- WORK ORDER
Without including any pictures, give back all of the data exactly.

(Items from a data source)
==============================
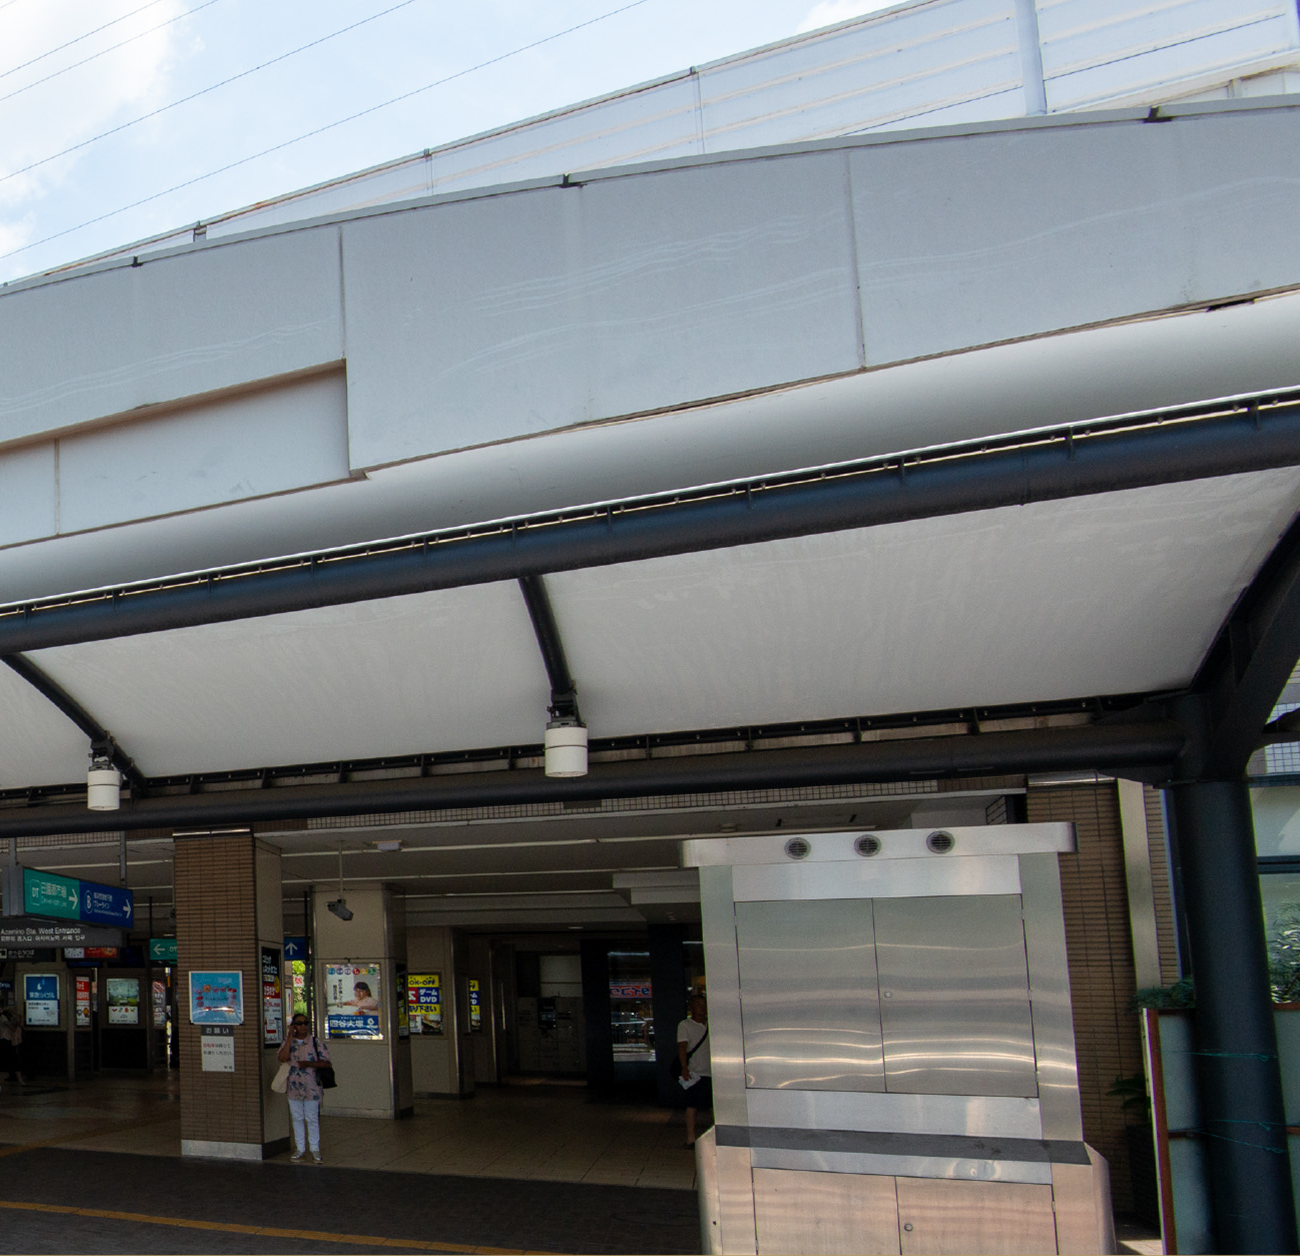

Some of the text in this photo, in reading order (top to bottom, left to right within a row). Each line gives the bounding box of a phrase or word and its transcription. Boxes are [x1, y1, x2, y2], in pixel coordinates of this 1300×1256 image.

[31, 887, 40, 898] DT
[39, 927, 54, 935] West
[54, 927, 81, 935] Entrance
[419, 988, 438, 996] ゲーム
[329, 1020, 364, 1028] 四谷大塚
==============================
- ANSWER SECTION
Some of the text in this photo, in reading order (top to bottom, left to right within a row). Each line gives the bounding box of a phrase or word and its transcription. Boxes are [x1, y1, x2, y2], in pixel coordinates of this 1300×1256 image.

[31, 887, 40, 898] DT
[39, 927, 54, 935] West
[54, 927, 81, 935] Entrance
[419, 988, 438, 996] ゲーム
[329, 1020, 364, 1028] 四谷大塚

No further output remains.